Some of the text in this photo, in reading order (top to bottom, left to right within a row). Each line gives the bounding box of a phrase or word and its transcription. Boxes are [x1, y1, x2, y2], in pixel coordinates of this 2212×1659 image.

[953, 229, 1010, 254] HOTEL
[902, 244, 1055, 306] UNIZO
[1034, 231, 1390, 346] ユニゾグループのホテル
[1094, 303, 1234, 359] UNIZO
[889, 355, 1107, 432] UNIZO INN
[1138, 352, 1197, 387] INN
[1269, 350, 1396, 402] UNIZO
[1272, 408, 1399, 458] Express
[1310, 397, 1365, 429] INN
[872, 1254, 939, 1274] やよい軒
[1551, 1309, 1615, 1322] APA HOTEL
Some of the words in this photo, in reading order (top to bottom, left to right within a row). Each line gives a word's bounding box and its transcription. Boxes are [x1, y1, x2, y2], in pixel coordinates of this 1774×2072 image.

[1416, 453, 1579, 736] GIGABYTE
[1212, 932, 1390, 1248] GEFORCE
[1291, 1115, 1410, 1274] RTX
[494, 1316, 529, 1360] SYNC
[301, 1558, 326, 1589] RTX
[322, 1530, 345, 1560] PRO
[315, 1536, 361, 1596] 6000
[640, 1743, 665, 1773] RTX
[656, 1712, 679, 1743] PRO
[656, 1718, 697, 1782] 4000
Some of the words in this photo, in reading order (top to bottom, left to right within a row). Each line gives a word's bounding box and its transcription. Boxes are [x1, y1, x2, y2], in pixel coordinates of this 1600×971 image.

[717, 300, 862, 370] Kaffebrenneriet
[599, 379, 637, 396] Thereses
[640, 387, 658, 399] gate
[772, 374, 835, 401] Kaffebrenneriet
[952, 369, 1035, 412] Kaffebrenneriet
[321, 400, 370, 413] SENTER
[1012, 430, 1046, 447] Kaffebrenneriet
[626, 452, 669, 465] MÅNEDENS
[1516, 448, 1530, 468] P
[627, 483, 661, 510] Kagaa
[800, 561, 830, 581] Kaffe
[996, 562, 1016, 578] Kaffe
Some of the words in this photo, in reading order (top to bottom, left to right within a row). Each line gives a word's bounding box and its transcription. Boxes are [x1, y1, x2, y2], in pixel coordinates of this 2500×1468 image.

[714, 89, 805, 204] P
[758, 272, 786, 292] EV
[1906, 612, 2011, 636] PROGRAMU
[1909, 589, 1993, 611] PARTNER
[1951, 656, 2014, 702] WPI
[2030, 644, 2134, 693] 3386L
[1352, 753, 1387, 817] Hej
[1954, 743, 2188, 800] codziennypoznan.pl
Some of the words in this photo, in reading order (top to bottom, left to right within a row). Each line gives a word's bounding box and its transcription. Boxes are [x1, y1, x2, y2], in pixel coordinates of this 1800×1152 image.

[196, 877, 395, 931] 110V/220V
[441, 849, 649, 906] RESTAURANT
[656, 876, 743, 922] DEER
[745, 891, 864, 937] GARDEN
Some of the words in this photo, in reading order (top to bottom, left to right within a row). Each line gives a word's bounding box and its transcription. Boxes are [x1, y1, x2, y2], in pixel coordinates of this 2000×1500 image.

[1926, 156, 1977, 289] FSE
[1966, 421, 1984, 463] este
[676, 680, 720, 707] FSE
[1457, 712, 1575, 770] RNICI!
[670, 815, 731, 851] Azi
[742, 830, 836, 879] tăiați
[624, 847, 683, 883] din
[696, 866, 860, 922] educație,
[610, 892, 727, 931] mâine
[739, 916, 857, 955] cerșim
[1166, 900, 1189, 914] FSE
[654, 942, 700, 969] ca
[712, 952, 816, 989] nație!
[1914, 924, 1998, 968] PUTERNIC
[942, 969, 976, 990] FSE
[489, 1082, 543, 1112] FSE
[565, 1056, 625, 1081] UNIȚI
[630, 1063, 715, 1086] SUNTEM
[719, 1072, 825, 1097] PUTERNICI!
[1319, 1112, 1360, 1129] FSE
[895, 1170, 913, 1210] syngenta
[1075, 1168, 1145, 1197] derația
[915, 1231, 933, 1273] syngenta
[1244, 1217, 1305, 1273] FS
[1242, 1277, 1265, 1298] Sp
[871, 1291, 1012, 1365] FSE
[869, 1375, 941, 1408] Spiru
::::
**EXERCISE INSTRUCTIONS**
All of the lines above need to be given again exactly.

**EXERCISE SOLUTION**
Some of the text in this photo, in reading order (top to bottom, left to right within a row). Each line gives the bounding box of a phrase or word and its transcription. Boxes are [x1, y1, x2, y2], in pixel coordinates of this 2212×1659 image.

[953, 229, 1010, 254] HOTEL
[902, 244, 1055, 306] UNIZO
[1034, 231, 1390, 346] ユニゾグループのホテル
[1094, 303, 1234, 359] UNIZO
[889, 355, 1107, 432] UNIZO INN
[1138, 352, 1197, 387] INN
[1269, 350, 1396, 402] UNIZO
[1272, 408, 1399, 458] Express
[1310, 397, 1365, 429] INN
[872, 1254, 939, 1274] やよい軒
[1551, 1309, 1615, 1322] APA HOTEL
Some of the words in this photo, in reading order (top to bottom, left to right within a row). Each line gives a word's bounding box and its transcription. Boxes are [x1, y1, x2, y2], in pixel coordinates of this 1774×2072 image.

[1416, 453, 1579, 736] GIGABYTE
[1212, 932, 1390, 1248] GEFORCE
[1291, 1115, 1410, 1274] RTX
[494, 1316, 529, 1360] SYNC
[301, 1558, 326, 1589] RTX
[322, 1530, 345, 1560] PRO
[315, 1536, 361, 1596] 6000
[640, 1743, 665, 1773] RTX
[656, 1712, 679, 1743] PRO
[656, 1718, 697, 1782] 4000
Some of the words in this photo, in reading order (top to bottom, left to right within a row). Each line gives a word's bounding box and its transcription. Boxes are [x1, y1, x2, y2], in pixel coordinates of this 1600×971 image.

[717, 300, 862, 370] Kaffebrenneriet
[599, 379, 637, 396] Thereses
[640, 387, 658, 399] gate
[772, 374, 835, 401] Kaffebrenneriet
[952, 369, 1035, 412] Kaffebrenneriet
[321, 400, 370, 413] SENTER
[1012, 430, 1046, 447] Kaffebrenneriet
[626, 452, 669, 465] MÅNEDENS
[1516, 448, 1530, 468] P
[627, 483, 661, 510] Kagaa
[800, 561, 830, 581] Kaffe
[996, 562, 1016, 578] Kaffe
Some of the words in this photo, in reading order (top to bottom, left to right within a row). Each line gives a word's bounding box and its transcription. Boxes are [x1, y1, x2, y2], in pixel coordinates of this 2500×1468 image.

[714, 89, 805, 204] P
[758, 272, 786, 292] EV
[1906, 612, 2011, 636] PROGRAMU
[1909, 589, 1993, 611] PARTNER
[1951, 656, 2014, 702] WPI
[2030, 644, 2134, 693] 3386L
[1352, 753, 1387, 817] Hej
[1954, 743, 2188, 800] codziennypoznan.pl
Some of the words in this photo, in reading order (top to bottom, left to right within a row). Each line gives a word's bounding box and its transcription. Boxes are [x1, y1, x2, y2], in pixel coordinates of this 1800×1152 image.

[196, 877, 395, 931] 110V/220V
[441, 849, 649, 906] RESTAURANT
[656, 876, 743, 922] DEER
[745, 891, 864, 937] GARDEN
Some of the words in this photo, in reading order (top to bottom, left to right within a row). Each line gives a word's bounding box and its transcription. Boxes are [x1, y1, x2, y2], in pixel coordinates of this 2000×1500 image.

[1926, 156, 1977, 289] FSE
[1966, 421, 1984, 463] este
[676, 680, 720, 707] FSE
[1457, 712, 1575, 770] RNICI!
[670, 815, 731, 851] Azi
[742, 830, 836, 879] tăiați
[624, 847, 683, 883] din
[696, 866, 860, 922] educație,
[610, 892, 727, 931] mâine
[739, 916, 857, 955] cerșim
[1166, 900, 1189, 914] FSE
[654, 942, 700, 969] ca
[712, 952, 816, 989] nație!
[1914, 924, 1998, 968] PUTERNIC
[942, 969, 976, 990] FSE
[489, 1082, 543, 1112] FSE
[565, 1056, 625, 1081] UNIȚI
[630, 1063, 715, 1086] SUNTEM
[719, 1072, 825, 1097] PUTERNICI!
[1319, 1112, 1360, 1129] FSE
[895, 1170, 913, 1210] syngenta
[1075, 1168, 1145, 1197] derația
[915, 1231, 933, 1273] syngenta
[1244, 1217, 1305, 1273] FS
[1242, 1277, 1265, 1298] Sp
[871, 1291, 1012, 1365] FSE
[869, 1375, 941, 1408] Spiru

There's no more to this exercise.